> **Stored data entries**
★ ★ ★ ★ ★

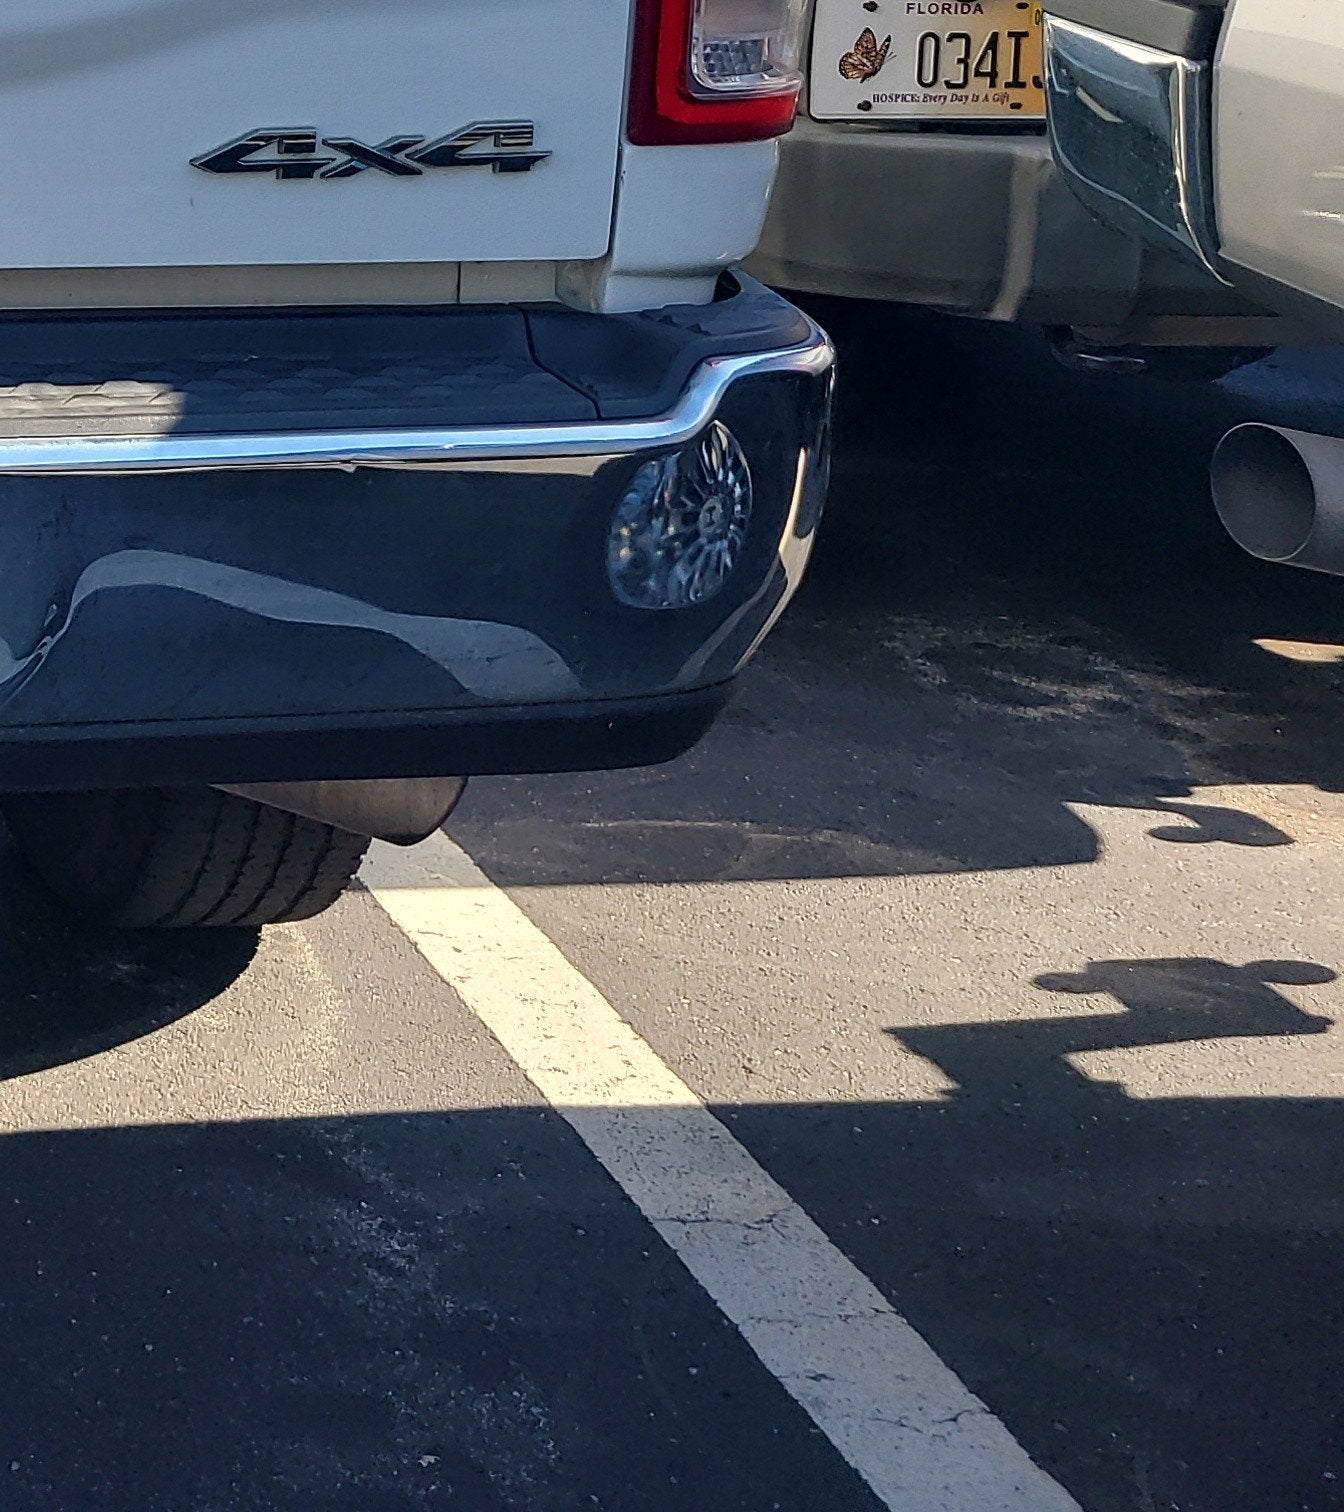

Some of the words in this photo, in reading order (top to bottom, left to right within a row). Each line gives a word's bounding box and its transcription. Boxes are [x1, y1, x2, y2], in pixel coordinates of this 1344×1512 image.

[906, 2, 984, 15] FLORIDA
[915, 30, 1043, 89] 034I
[872, 93, 919, 103] HOSPICE:
[921, 93, 947, 105] Every
[950, 93, 969, 104] Day
[982, 93, 989, 102] A
[992, 92, 1010, 105] Gift
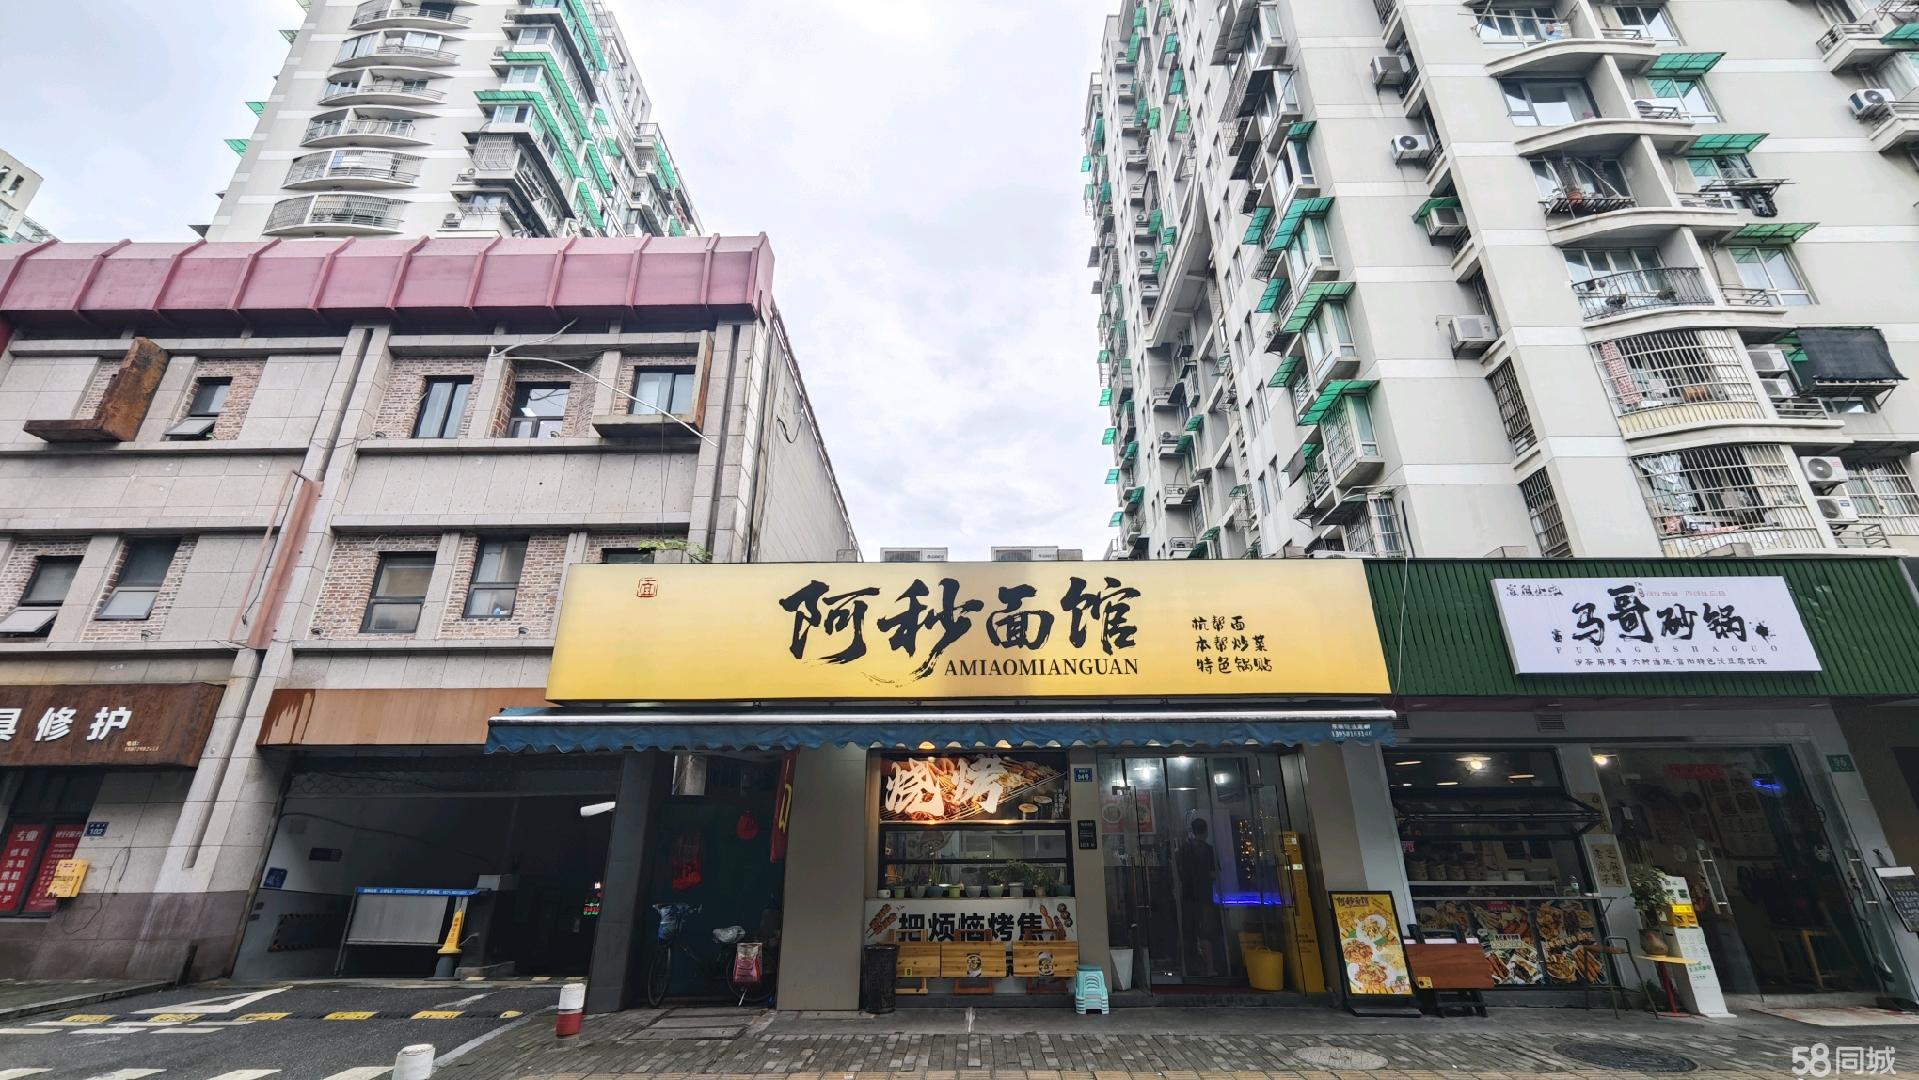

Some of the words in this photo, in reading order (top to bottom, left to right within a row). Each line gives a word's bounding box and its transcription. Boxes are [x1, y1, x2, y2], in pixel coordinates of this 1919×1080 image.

[1192, 614, 1246, 631] 杭帮面
[1196, 634, 1268, 652] 本帮炒菜
[944, 657, 1140, 677] AMIAOMIANGUAN
[1196, 656, 1272, 675] 特色锅贴
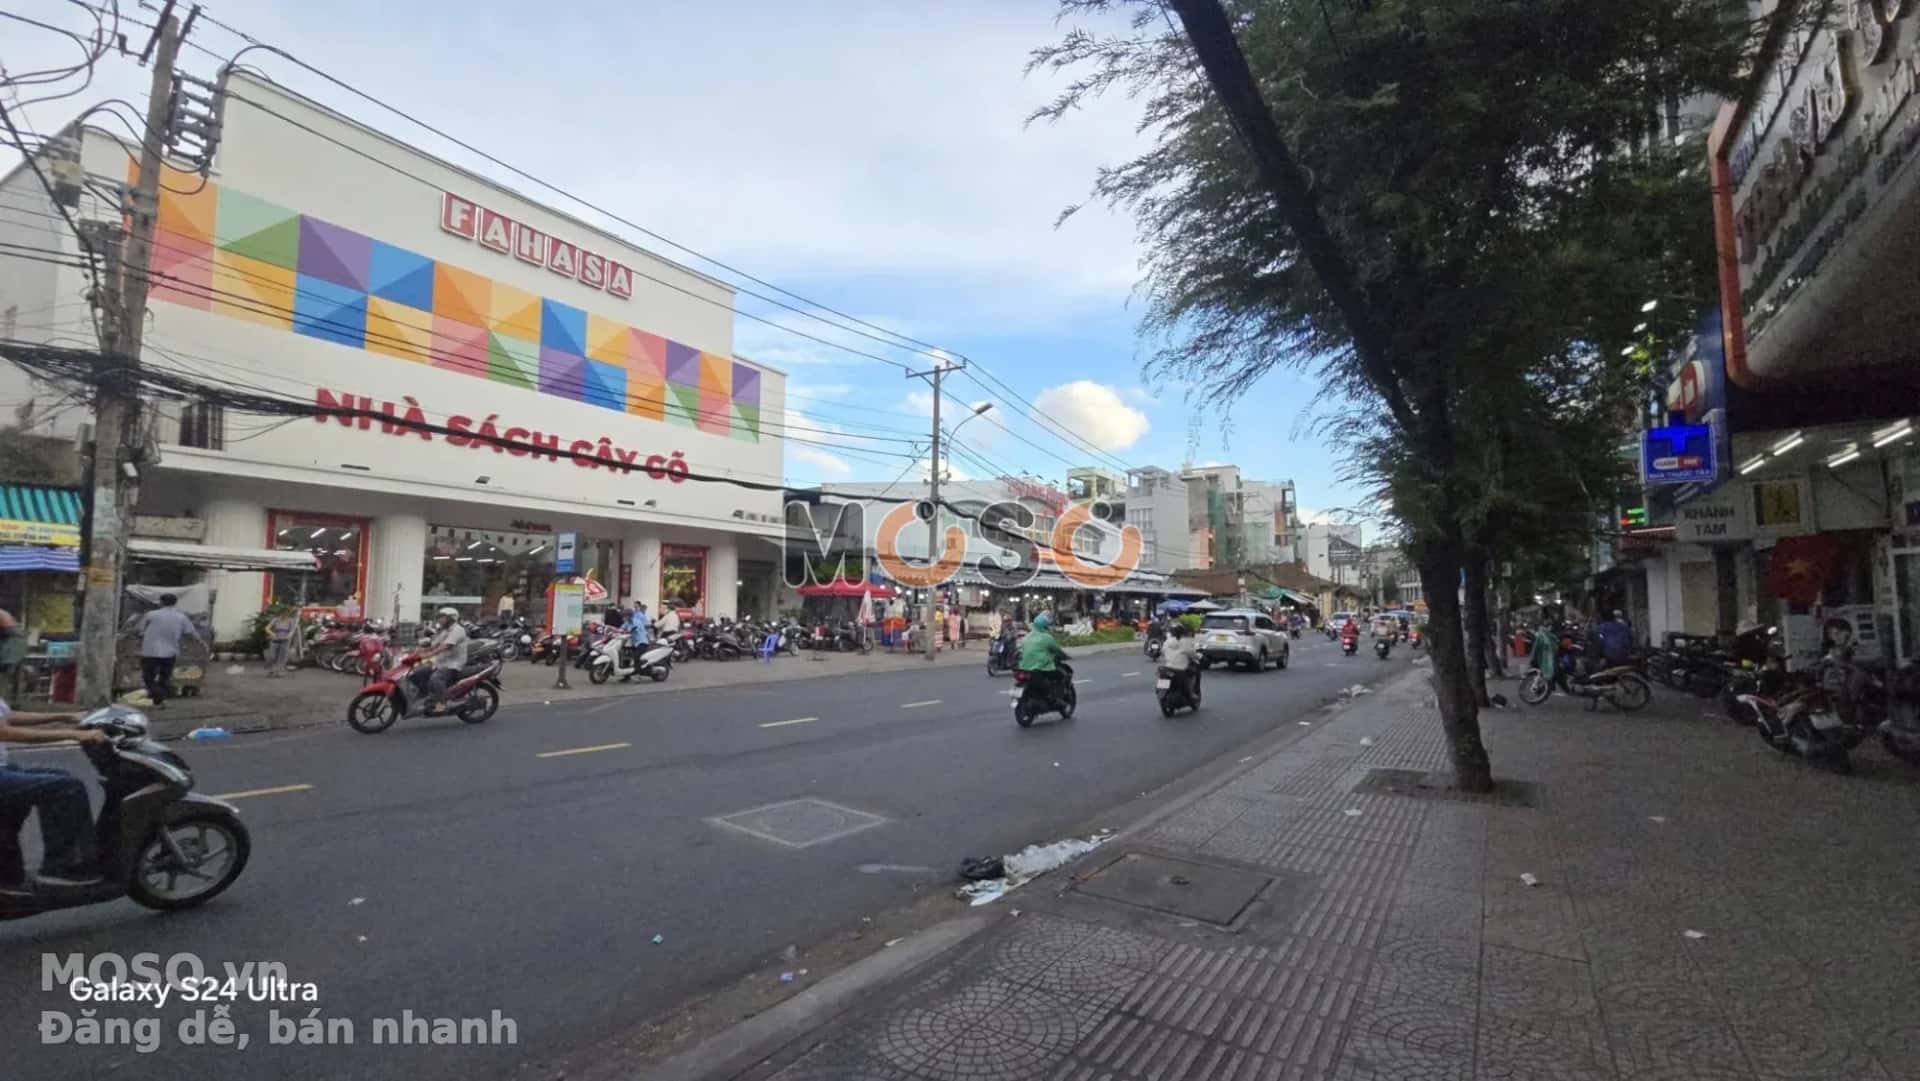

★ ★ ★ ★ ★

> **DIRECTIONS FOR THIS TASK**
Beginning with the line that contains "this 1919×1080 image.", output every line down to the last line of the entries above exactly as written, apart from the pictures.

> **WORKED SOLUTION**
Some of the words in this photo, in reading order (top to bottom, left to right within a row). Each line gives a word's bounding box and its transcription. Boxes are [x1, y1, x2, y2], in pixel coordinates of this 1919×1080 image.

[1192, 614, 1246, 631] 杭帮面
[1196, 634, 1268, 652] 本帮炒菜
[944, 657, 1140, 677] AMIAOMIANGUAN
[1196, 656, 1272, 675] 特色锅贴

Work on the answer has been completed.